--- Provided records Enclosed Below ---

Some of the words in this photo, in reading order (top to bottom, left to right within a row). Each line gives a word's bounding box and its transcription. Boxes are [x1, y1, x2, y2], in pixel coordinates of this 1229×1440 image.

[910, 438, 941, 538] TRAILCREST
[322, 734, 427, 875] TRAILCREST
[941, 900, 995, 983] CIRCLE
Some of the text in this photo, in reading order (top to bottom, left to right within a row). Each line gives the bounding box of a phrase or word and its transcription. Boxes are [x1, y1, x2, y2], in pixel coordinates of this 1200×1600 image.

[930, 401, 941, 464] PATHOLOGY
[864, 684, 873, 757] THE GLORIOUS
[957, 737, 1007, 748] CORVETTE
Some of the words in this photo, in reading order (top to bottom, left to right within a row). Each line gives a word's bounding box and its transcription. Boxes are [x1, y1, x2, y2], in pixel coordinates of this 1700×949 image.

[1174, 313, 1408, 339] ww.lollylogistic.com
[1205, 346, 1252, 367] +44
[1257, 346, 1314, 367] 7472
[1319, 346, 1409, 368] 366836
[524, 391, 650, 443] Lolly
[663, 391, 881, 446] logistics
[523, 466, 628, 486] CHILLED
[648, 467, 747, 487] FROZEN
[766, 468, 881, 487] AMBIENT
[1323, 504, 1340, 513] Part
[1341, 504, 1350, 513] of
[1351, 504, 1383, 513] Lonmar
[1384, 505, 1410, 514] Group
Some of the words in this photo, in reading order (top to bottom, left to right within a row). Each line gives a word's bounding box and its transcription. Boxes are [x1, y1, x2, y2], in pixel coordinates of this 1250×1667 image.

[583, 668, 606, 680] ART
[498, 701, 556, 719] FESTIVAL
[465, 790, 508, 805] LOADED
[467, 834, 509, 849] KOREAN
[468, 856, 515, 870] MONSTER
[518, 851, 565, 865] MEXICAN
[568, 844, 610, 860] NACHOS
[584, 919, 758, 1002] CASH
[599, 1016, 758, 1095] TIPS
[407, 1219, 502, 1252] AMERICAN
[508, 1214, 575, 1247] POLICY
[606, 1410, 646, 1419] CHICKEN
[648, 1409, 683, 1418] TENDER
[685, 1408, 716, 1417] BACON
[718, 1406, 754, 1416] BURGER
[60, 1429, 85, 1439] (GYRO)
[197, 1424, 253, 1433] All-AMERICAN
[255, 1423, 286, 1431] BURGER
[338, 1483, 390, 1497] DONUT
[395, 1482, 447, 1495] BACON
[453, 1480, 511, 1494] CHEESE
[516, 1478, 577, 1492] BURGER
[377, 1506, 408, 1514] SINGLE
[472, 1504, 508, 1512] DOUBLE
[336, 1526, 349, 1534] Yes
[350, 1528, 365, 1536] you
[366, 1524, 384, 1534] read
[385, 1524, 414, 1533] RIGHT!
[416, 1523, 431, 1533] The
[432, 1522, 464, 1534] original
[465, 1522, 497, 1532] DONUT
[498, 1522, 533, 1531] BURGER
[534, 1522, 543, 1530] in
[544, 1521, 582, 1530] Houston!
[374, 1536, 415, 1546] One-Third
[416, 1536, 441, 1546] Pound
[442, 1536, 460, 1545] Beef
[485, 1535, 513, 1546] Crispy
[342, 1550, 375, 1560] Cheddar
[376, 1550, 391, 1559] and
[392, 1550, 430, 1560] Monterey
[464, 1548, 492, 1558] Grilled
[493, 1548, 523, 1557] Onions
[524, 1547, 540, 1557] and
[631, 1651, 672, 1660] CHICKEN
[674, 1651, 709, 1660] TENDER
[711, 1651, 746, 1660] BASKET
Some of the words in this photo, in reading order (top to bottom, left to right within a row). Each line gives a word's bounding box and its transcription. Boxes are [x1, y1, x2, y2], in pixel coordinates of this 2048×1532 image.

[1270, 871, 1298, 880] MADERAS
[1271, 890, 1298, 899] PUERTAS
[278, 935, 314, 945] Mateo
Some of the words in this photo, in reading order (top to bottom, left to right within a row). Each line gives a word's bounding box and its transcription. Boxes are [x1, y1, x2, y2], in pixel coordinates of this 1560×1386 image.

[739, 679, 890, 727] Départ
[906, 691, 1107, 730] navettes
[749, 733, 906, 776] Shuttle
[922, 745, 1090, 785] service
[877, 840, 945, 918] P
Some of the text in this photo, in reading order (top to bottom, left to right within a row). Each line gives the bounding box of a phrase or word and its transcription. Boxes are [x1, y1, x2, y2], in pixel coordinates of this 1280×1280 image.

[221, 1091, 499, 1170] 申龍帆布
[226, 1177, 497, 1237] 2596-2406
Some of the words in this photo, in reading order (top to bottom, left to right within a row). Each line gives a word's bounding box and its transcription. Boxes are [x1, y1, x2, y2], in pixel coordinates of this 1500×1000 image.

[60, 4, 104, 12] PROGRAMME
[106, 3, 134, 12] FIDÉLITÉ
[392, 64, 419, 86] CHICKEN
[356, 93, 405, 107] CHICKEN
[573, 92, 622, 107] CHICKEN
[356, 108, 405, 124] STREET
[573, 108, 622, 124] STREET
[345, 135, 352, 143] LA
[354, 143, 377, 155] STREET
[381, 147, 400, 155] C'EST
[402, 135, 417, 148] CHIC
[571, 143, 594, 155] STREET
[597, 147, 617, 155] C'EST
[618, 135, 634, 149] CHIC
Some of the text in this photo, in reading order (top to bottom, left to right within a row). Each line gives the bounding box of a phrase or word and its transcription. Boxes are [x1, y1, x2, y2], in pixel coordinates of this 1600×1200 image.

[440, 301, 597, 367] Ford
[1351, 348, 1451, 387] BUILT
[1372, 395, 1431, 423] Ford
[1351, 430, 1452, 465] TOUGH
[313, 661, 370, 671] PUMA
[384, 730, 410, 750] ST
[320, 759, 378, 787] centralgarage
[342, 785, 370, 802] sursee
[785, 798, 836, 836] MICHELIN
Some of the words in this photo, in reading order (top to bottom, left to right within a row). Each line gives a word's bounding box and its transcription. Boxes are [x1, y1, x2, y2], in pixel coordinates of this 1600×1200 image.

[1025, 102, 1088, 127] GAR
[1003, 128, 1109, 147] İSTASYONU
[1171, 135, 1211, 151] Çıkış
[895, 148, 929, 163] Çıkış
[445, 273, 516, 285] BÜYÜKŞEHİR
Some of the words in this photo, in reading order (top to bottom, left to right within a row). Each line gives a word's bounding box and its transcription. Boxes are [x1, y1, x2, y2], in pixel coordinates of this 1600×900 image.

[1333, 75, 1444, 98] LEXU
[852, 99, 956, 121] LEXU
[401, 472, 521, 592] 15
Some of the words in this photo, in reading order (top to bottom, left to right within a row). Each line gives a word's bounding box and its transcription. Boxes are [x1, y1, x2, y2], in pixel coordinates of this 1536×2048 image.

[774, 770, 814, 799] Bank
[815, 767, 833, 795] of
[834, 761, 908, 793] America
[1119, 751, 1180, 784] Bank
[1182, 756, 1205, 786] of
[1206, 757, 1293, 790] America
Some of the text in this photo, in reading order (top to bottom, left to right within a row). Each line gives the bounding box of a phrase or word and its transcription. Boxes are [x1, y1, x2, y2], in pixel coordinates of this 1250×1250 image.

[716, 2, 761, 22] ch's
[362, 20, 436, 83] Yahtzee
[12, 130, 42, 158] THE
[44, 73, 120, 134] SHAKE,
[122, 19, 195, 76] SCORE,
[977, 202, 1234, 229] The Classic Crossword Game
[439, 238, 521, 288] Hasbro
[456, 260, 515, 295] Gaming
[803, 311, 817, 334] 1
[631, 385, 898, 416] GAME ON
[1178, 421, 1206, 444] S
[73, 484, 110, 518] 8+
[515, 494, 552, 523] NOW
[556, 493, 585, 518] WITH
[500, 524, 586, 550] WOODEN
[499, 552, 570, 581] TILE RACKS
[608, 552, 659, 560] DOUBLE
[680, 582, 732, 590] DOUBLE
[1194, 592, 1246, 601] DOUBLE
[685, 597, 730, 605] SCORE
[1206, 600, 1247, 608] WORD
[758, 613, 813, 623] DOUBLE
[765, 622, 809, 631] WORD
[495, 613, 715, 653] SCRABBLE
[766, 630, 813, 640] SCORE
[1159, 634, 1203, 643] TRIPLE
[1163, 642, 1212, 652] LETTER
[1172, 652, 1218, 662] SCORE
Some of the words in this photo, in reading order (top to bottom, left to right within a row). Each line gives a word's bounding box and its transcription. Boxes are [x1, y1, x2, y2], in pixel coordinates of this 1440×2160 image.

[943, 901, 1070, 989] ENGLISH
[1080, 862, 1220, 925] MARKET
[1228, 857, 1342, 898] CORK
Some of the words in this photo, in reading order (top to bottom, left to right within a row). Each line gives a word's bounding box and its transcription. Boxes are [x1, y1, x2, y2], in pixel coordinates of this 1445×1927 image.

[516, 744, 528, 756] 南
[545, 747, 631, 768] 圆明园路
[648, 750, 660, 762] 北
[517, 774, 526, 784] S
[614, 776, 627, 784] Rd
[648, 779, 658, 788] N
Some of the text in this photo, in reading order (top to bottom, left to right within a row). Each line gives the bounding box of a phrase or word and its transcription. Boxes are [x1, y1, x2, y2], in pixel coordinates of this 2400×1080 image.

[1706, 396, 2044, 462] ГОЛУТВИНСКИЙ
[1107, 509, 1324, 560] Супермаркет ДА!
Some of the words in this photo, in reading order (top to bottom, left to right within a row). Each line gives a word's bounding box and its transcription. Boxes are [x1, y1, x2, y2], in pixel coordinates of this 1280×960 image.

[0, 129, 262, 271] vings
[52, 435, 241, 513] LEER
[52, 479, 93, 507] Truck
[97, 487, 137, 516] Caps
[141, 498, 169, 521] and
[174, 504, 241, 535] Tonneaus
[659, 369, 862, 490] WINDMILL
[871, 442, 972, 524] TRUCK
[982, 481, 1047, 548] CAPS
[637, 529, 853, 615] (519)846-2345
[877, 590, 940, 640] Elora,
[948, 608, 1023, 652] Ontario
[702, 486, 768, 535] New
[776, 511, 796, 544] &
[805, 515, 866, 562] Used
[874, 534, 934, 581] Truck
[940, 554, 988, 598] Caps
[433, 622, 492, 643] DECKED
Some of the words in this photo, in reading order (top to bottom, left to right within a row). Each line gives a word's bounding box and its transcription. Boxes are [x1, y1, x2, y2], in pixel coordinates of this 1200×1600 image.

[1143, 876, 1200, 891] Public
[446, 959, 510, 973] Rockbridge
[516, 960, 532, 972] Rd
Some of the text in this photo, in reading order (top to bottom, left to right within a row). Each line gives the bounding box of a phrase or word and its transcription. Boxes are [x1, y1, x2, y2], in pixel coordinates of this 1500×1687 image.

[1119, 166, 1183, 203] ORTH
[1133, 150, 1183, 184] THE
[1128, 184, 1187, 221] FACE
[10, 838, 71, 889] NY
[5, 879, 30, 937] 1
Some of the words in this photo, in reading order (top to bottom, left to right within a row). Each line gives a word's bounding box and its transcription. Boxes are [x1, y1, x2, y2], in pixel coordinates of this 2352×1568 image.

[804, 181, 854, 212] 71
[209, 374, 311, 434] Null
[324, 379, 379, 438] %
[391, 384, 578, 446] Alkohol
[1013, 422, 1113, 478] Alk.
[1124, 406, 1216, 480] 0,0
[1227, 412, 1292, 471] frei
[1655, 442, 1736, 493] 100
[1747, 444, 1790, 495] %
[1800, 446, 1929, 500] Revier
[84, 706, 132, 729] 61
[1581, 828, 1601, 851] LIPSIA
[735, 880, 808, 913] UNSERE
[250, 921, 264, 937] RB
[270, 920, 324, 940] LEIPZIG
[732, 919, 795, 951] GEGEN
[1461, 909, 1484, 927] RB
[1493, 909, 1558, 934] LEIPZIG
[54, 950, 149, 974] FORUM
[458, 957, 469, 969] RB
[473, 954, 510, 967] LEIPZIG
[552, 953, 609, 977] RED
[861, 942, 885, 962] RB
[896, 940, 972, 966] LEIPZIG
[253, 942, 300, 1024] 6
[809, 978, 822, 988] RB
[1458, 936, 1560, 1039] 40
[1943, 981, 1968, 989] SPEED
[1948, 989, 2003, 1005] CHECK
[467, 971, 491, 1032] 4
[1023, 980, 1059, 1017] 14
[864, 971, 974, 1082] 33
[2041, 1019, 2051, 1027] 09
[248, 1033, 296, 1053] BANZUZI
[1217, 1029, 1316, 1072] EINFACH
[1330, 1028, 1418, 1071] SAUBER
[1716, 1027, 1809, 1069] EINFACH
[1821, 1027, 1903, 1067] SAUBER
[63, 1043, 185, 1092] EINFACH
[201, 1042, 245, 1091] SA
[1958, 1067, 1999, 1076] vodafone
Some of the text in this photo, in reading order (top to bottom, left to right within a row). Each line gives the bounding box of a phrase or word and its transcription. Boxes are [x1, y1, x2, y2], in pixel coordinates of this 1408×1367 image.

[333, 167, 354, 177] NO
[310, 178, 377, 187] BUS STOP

--- End of Enclosed Provided records ---

**What the task asks**:
Your output should be an exact copy of the lines from the one containing "this 1408×1367 image." through the last line of the data above.

**Exercise solution**:
Some of the text in this photo, in reading order (top to bottom, left to right within a row). Each line gives the bounding box of a phrase or word and its transcription. Boxes are [x1, y1, x2, y2], in pixel coordinates of this 1408×1367 image.

[333, 167, 354, 177] NO
[310, 178, 377, 187] BUS STOP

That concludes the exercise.